Lastly, we’re looking at all kinds of different ways to broaden our value proposition to our clients. That partly means hitting on what the boomer consumer wants. We’re not thinking about ourselves as just a home care company. How do we think broader? Where are there other opportunities to add to our own value proposition? There are some really interesting models out there that we’re looking at.

What do you mean by that?

Care coordination is an example. To use one analogy: Most people, when they build a custom home, they don’t do it themselves. You could hire a plumber. You could hire an electrician. You could hire a framer. You can hire all of those people individually. You can have somebody come in and put your foundation in and do your grading and all of that stuff. You don’t need the contractor.

But what the contractor does is make it easy. The contractor becomes the middleman and coordinates all of those other things. All you have to do, as the homeowner, is decide on design, your choice of your tile, your carpet, your paint. I think there’s going to be more of a demand for that type of service in home care.

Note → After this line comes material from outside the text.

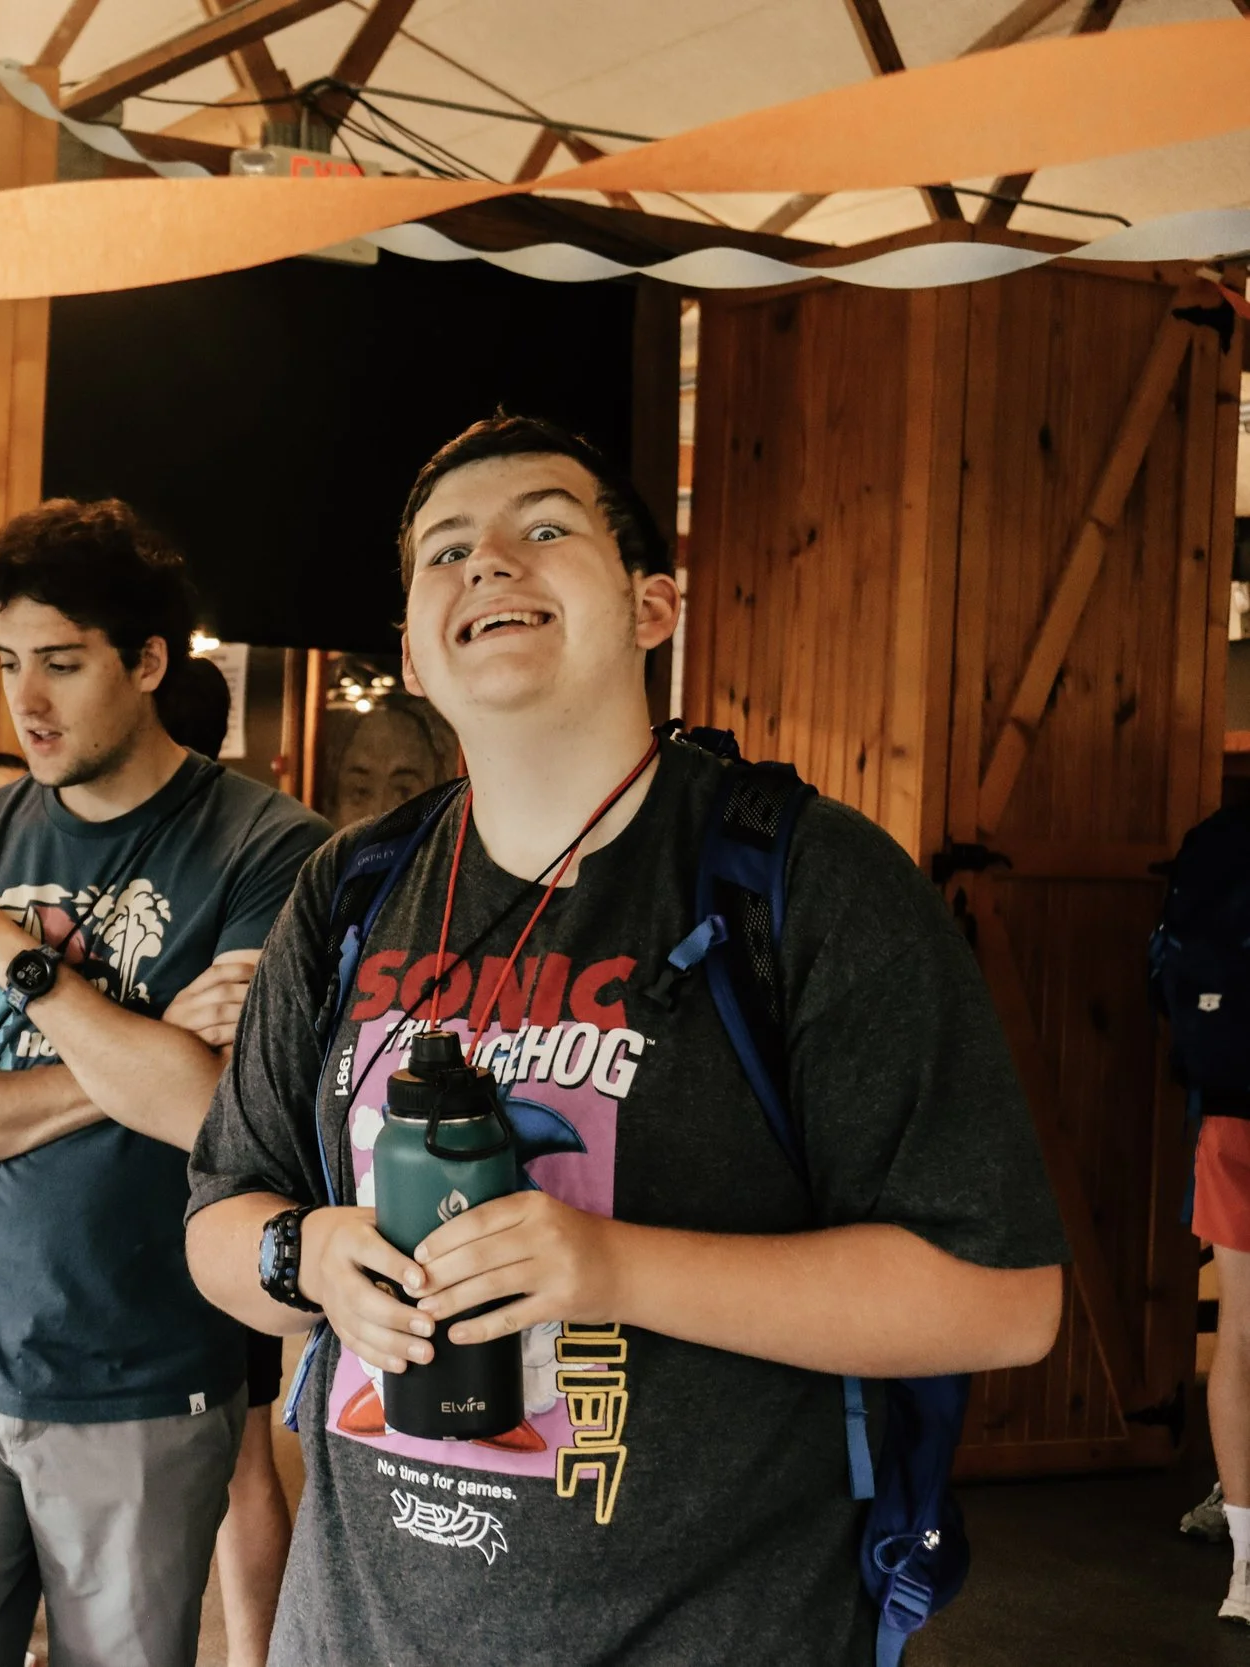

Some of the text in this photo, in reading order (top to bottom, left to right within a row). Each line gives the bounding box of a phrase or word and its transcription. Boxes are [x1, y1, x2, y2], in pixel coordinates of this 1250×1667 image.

[350, 950, 637, 1034] SONIC
[335, 1045, 352, 1095] 1991
[441, 1397, 486, 1413] Elvira
[377, 1458, 517, 1500] No time for games.

If you think about it, there’s probably 5,000 different pieces of technology that somebody can bring into the home to help with the aging process. Well, who in their right mind has time to research 5,000 pieces of technology, from a consumer perspective? Or 50 home care companies? Or 20 transportation companies? I think there is an opportunity for somebody that can come in and help people manage the broader aging process, not just one aspect of it.

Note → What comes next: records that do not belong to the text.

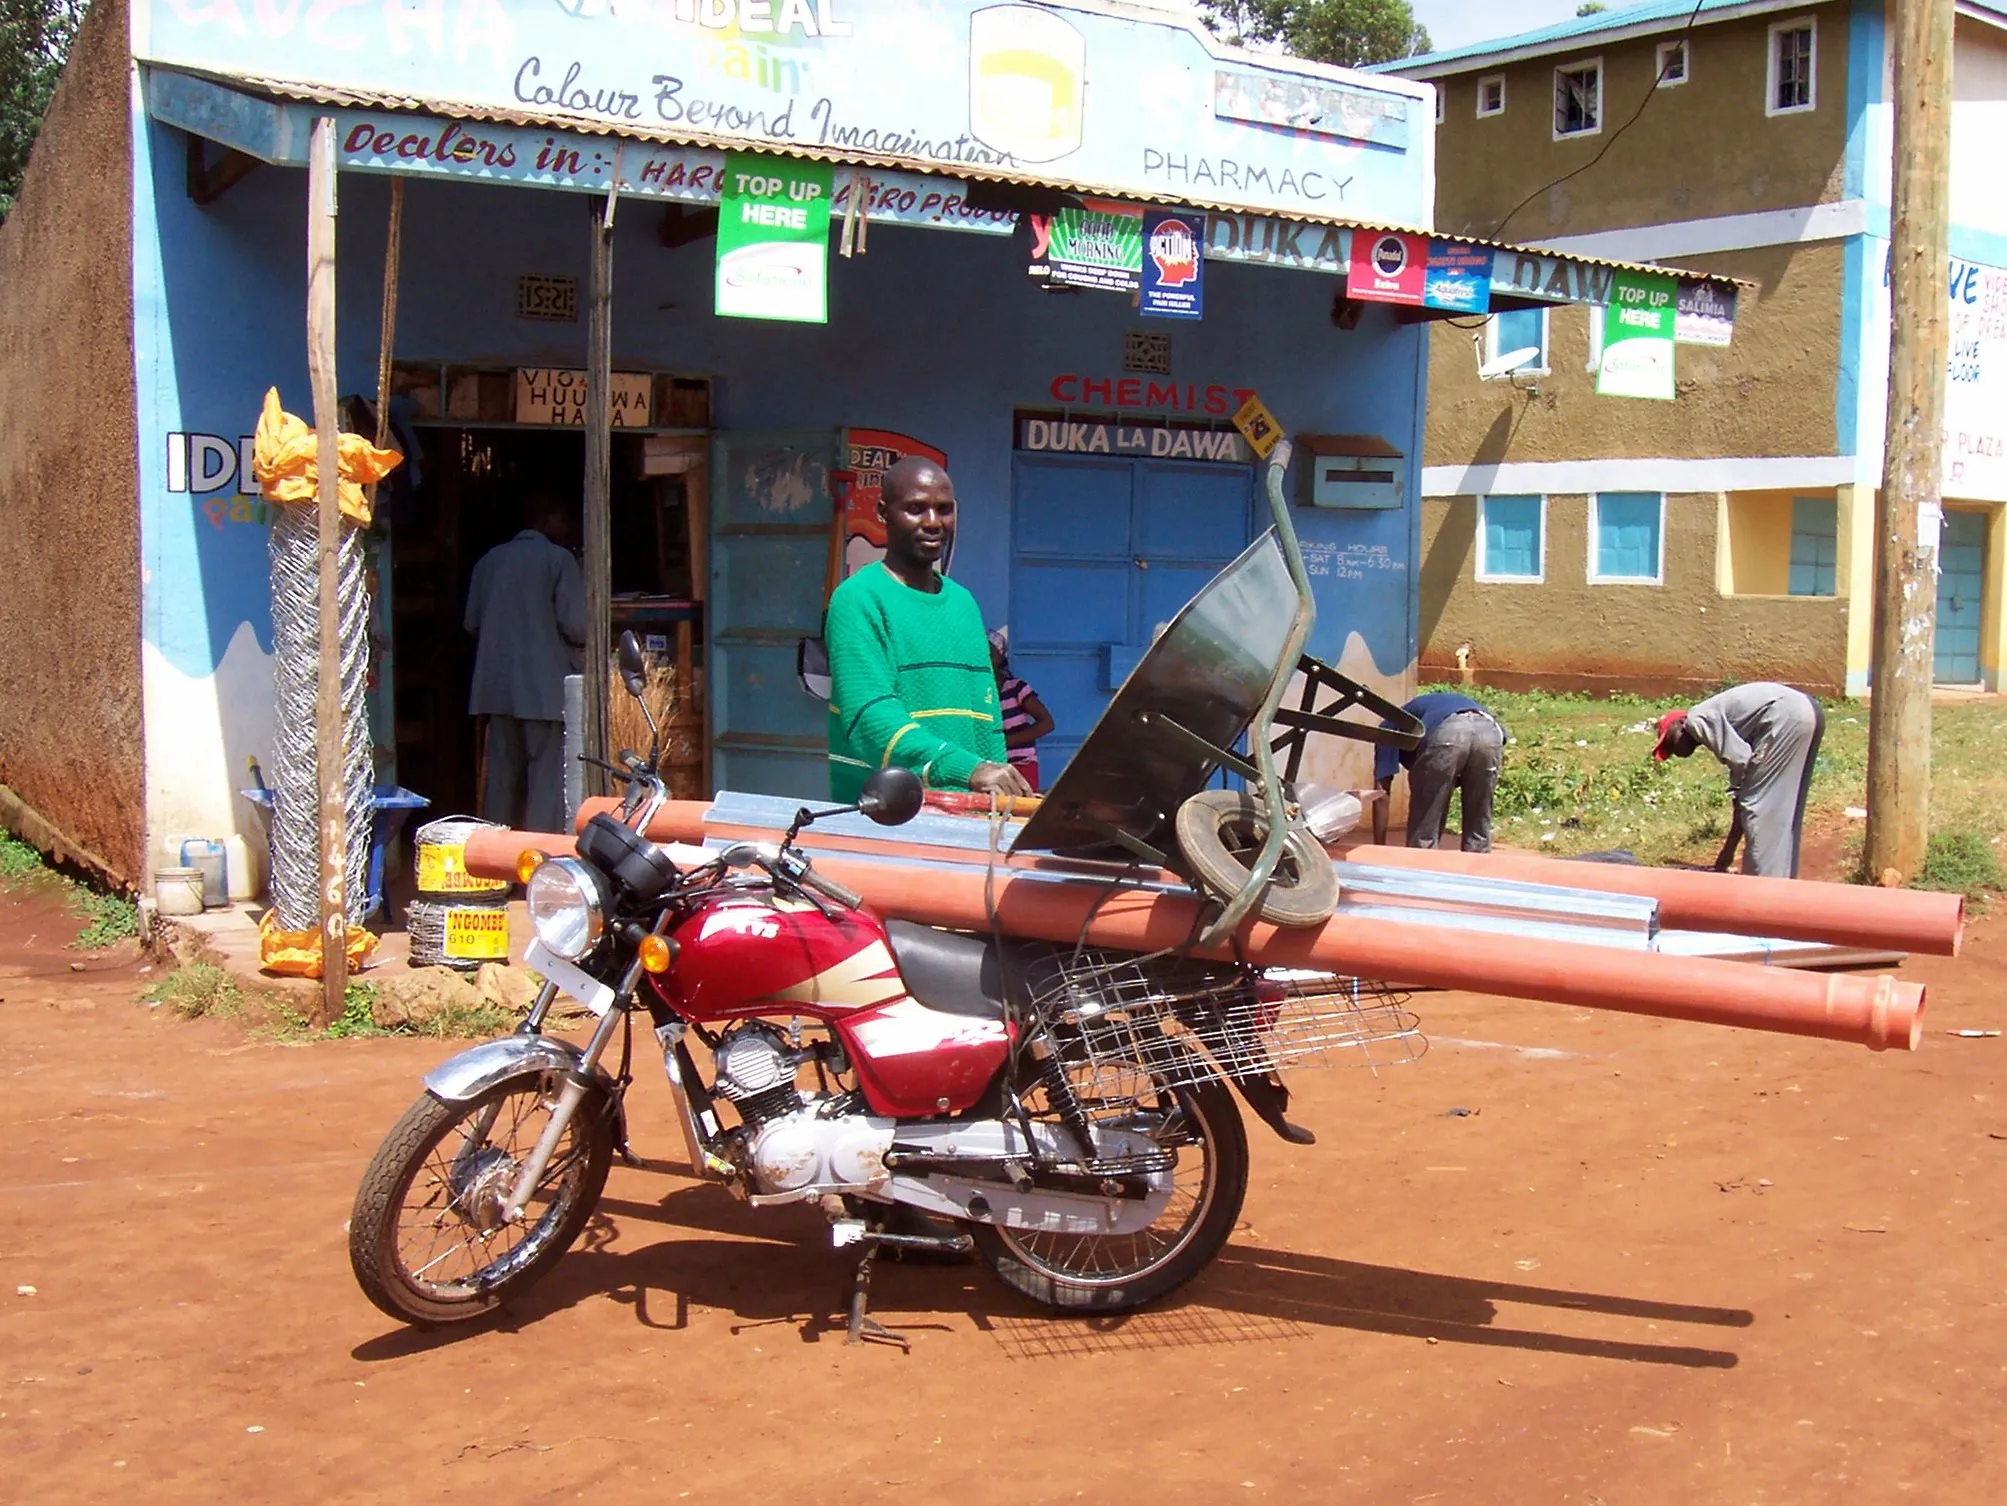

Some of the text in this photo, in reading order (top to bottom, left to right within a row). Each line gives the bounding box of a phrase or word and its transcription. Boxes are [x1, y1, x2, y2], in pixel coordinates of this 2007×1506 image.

[514, 56, 1020, 169] Colour Beyond Imagination
[344, 121, 516, 168] Dealers
[1143, 147, 1353, 201] PHARMACY
[736, 174, 821, 201] TOP UP
[741, 203, 808, 230] HERE
[1068, 239, 1125, 260] MORNING
[1206, 214, 1345, 267] DUKA
[1618, 286, 1669, 307] TOP UP
[1678, 298, 1725, 316] SALIMIA
[1619, 308, 1661, 329] HERE
[1955, 340, 1979, 359] LIVE
[530, 387, 647, 410] HUUWA
[1050, 374, 1256, 415] CHEMIST
[552, 406, 624, 426] HAA
[1027, 419, 1110, 453] DUKA
[1116, 428, 1146, 448] LA
[1151, 428, 1238, 461] DAWA
[1958, 432, 2003, 457] PLAZA
[1308, 564, 1329, 575] SUN

What else is important to touch on?

One of the things we have to be very, very cognizant of is the impact of COVID fatigue. I can’t stress that enough. We’ve had a strong year at Right at Home. I’m incredibly proud of our team. But we’re tired. People are just tired after operating at really, really high levels for nine or 10 months. COVID fatigue is real. It’s a challenge, but people are going to have to fight that off as best as they possibly can in 2021.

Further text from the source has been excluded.